Multica is an open-source managed agents platform that treats AI coding agents as first-class teammates rather than one-off tools. Instead of copy-pasting prompts and babysitting agent runs, you assign issues to agents the same way you would assign work to a colleague — they pick up the task, write code, report blockers, and update their status autonomously. The platform provides a project board where human and agent work streams are visible side by side, giving teams a unified view of who (or what) is working on what.
Multica’s core abstraction is the task lifecycle: enqueue, claim, start, complete or fail. Agents connected to Multica pull tasks from the queue, stream real-time progress via WebSocket, and report results. The platform supports squads — groups of agents led by a routing agent that distributes incoming work based on agent capabilities and availability. Autopilots handle recurring work by creating issues on a schedule (cron, webhook, or manual trigger) and routing them to the appropriate agent automatically, so daily standups, weekly reports, and periodic audits run without human intervention. Every solution an agent produces becomes a reusable skill that other agents on the team can leverage, compounding capability over time.
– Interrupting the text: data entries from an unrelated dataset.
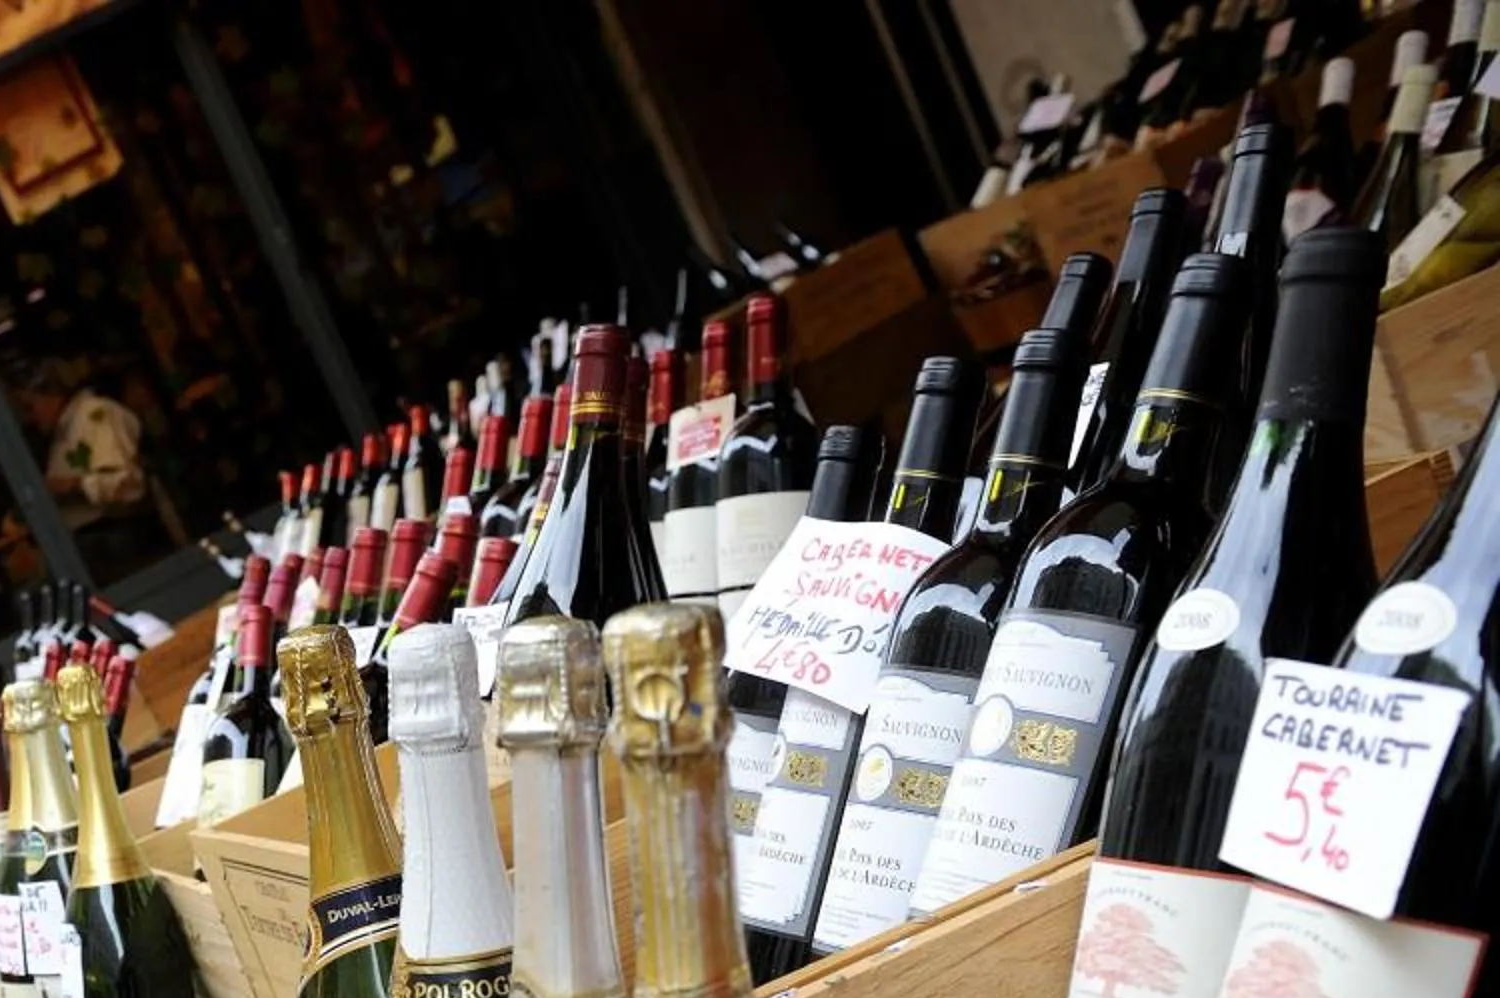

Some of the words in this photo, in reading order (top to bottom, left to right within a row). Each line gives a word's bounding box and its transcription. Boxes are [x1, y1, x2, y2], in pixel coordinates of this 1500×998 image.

[796, 572, 900, 615] SAUVIGN
[1273, 674, 1424, 722] TOURAINE
[1261, 713, 1432, 768] CABERNET
[326, 893, 402, 924] DUVAL-LE
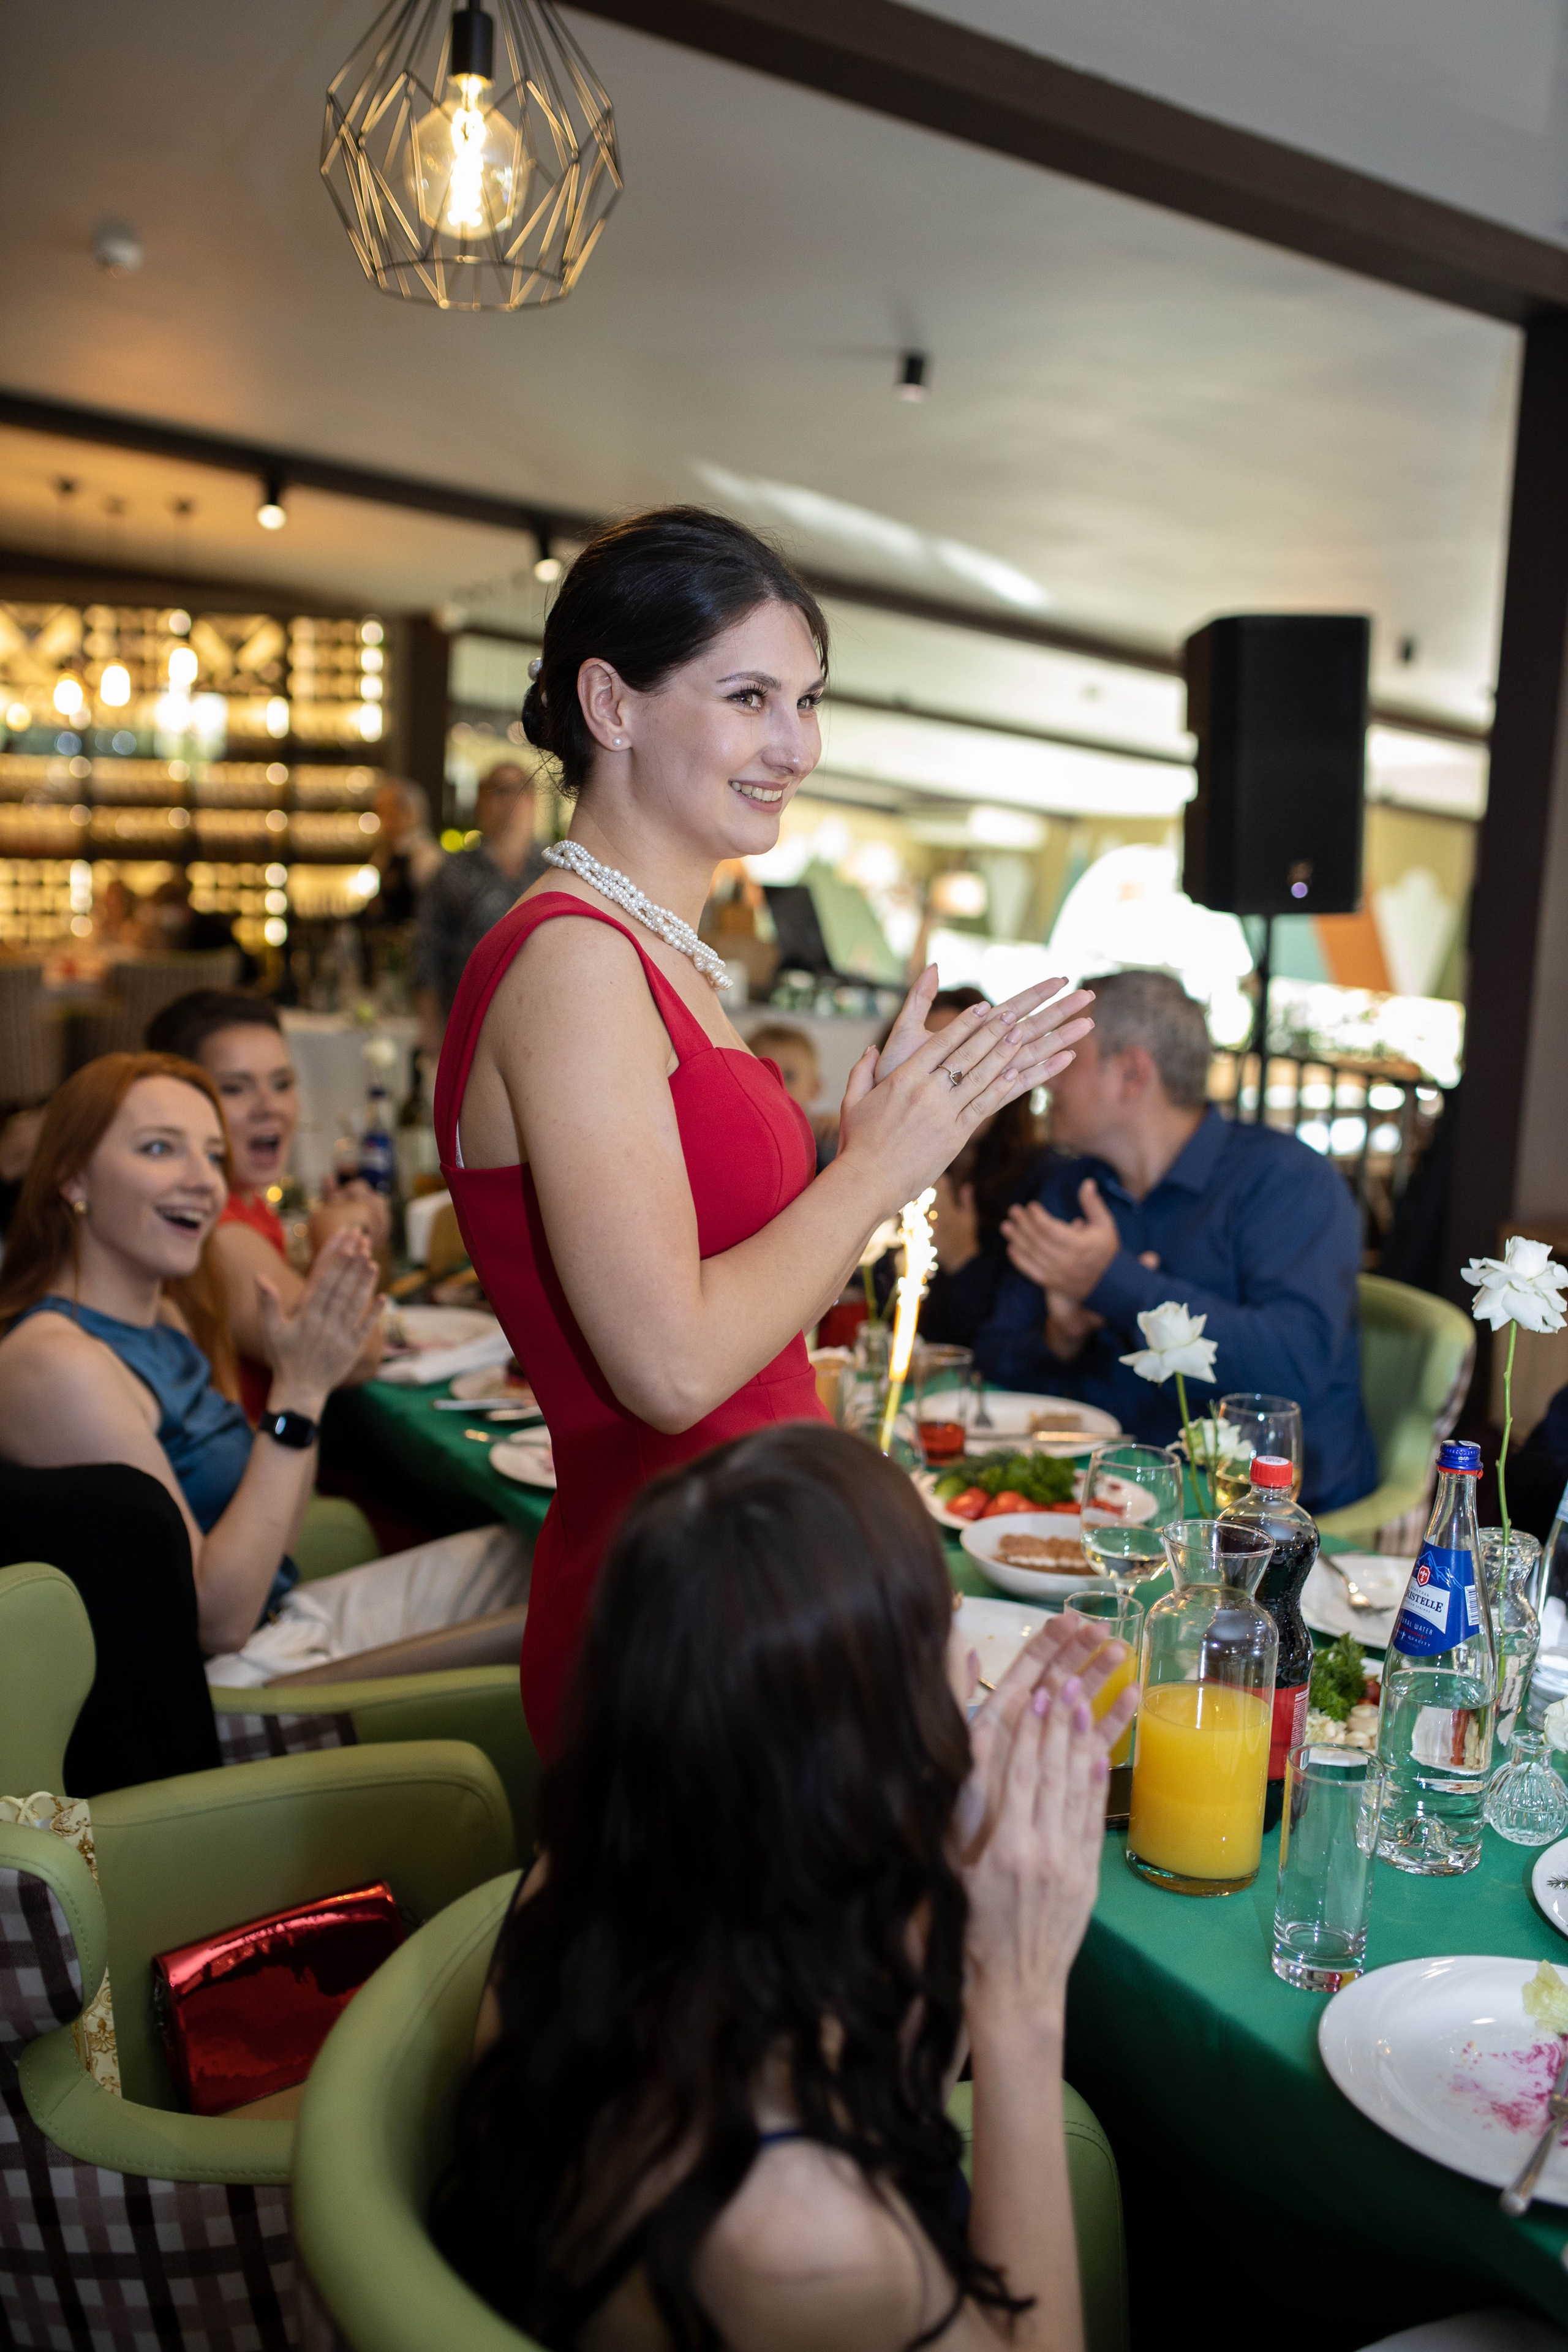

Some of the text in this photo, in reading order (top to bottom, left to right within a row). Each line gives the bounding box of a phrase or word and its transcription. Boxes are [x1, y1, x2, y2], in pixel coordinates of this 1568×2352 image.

Engineering teams use Multica as a coordination layer for parallel agent work — multiple feature branches, multiple PRs, multiple bug investigations running concurrently with deterministic task tracking. The autopilot feature suits teams with recurring operational tasks like dependency updates, code audits, or report generation. The squad model enables larger teams to route incoming work intelligently to specialized agents without manual triage.
Multica is a management layer, not a coding agent itself — it requires one or more supported agents (Claude Code, Codex, etc.) to do the actual work. The platform adds operational overhead that may not be justified for solo developers or small projects with a single agent. Self-hosting requires Docker and a database, though Multica Cloud is available as a managed alternative.
Multica is built for engineering teams that use multiple AI coding agents and want to manage them like teammates rather than tools. It suits teams that value process — task tracking, progress visibility, skill reuse — and want to scale their AI-assisted development beyond ad-hoc prompting. Teams already using project boards for human work will find the model familiar.